▸ Aim of the exercise
Repeat the records exactly. Leave out the pictures.

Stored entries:
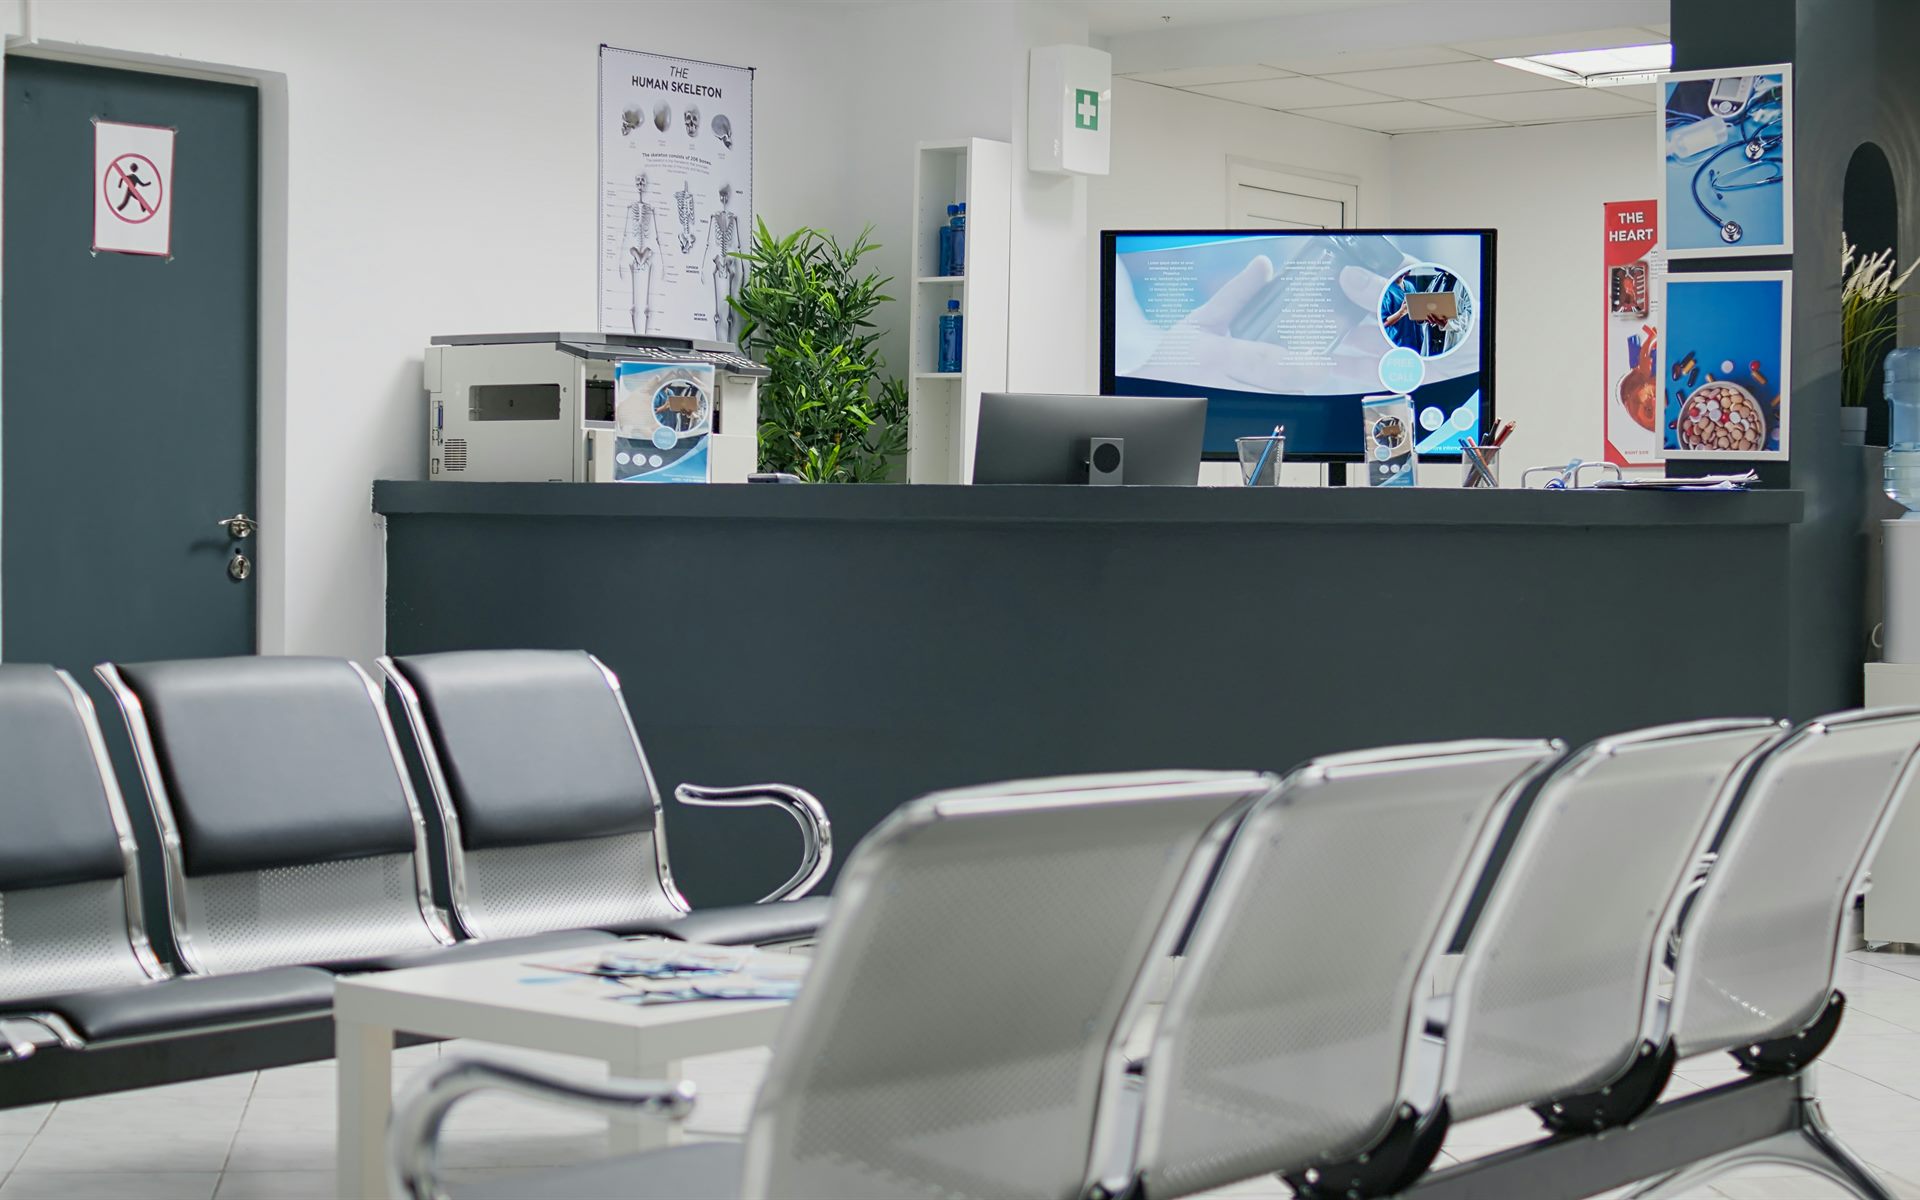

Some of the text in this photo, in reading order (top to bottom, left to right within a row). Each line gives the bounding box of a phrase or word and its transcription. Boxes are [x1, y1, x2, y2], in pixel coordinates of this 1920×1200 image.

[670, 65, 689, 79] THE
[632, 75, 722, 99] HUMAN SKELETON
[1618, 212, 1645, 224] THE
[1609, 229, 1654, 242] HEART
[1387, 358, 1416, 368] FREE
[1389, 371, 1416, 381] CALL
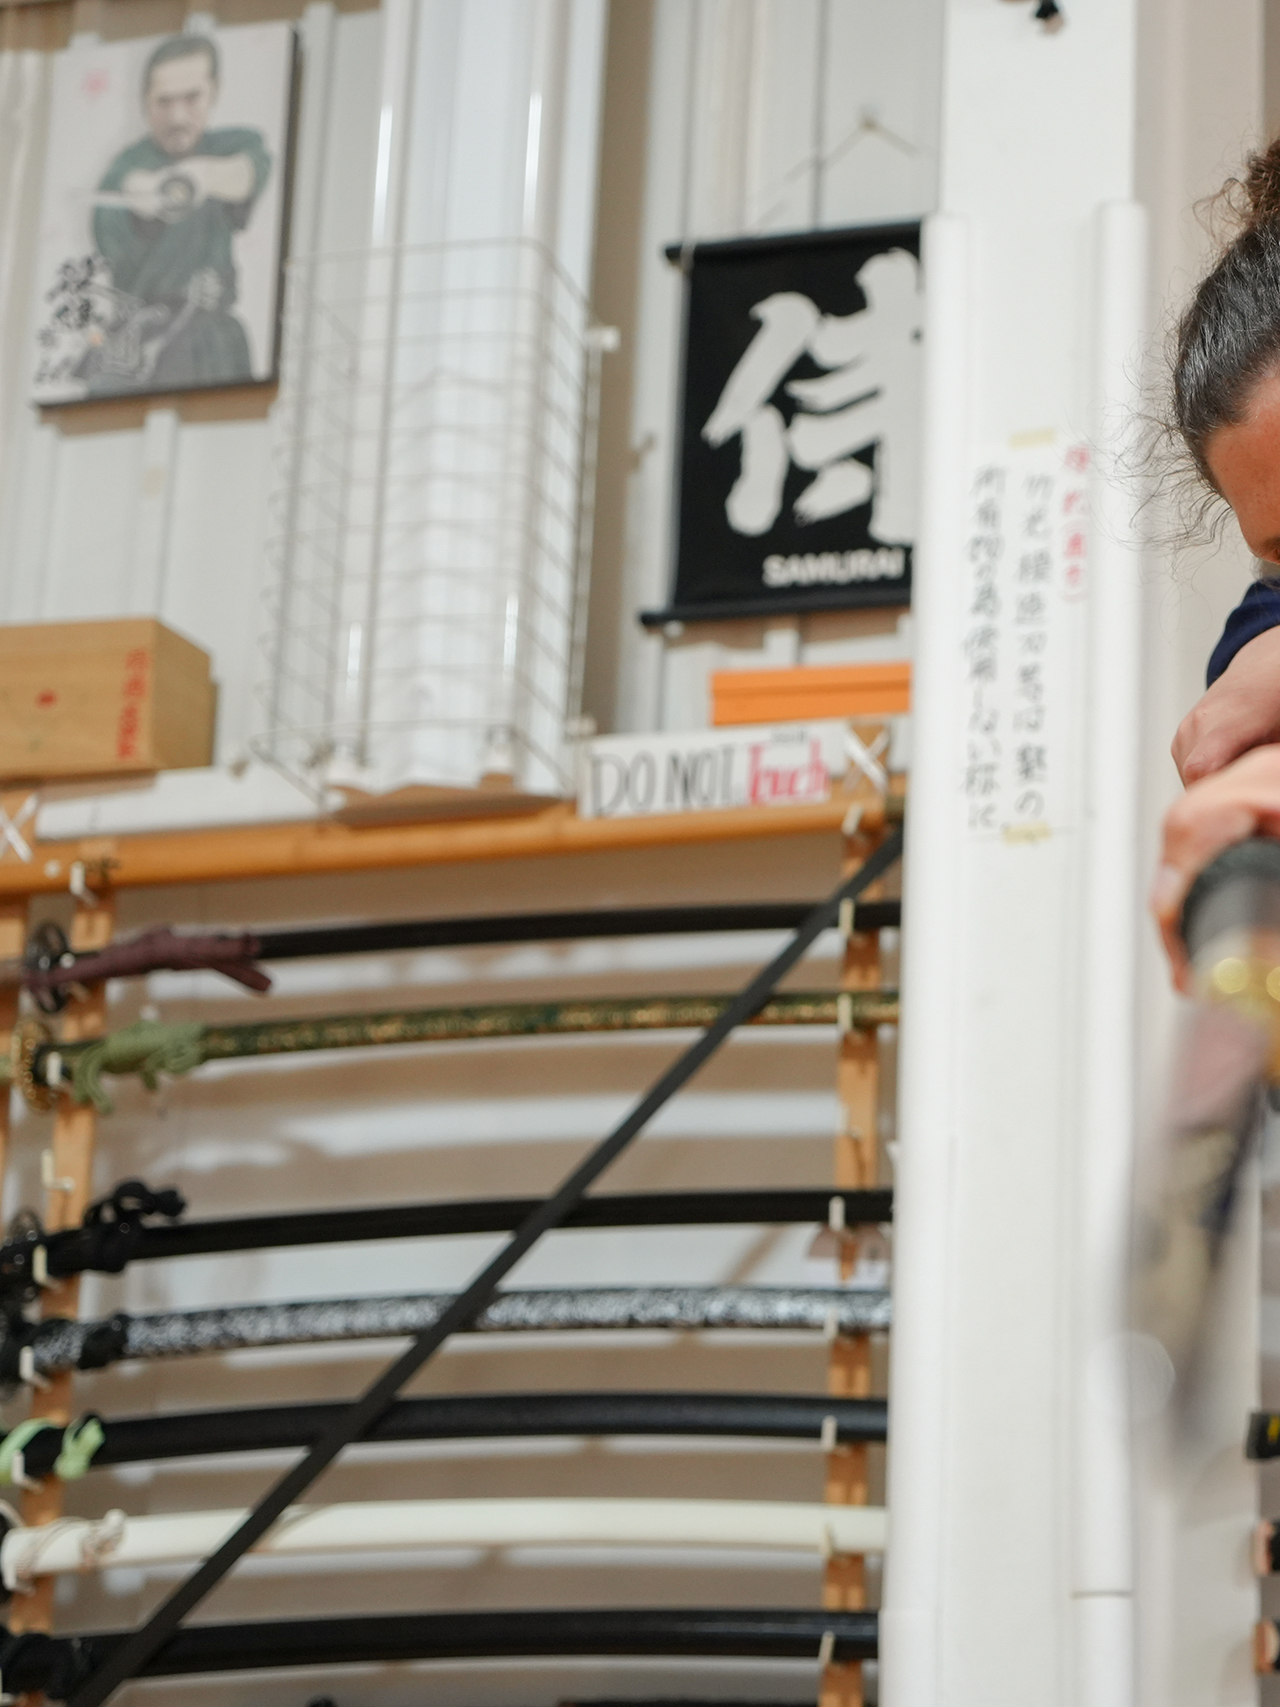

▸ Output of the exercise
Some of the text in this photo, in reading order (top to bottom, left to right within a row). Each line gives the bounding box of a phrase or word and its transcription. Boxes are [x1, y1, x2, y2], in pixel coordinates of this 1920×1200 image.

[670, 65, 689, 79] THE
[632, 75, 722, 99] HUMAN SKELETON
[1618, 212, 1645, 224] THE
[1609, 229, 1654, 242] HEART
[1387, 358, 1416, 368] FREE
[1389, 371, 1416, 381] CALL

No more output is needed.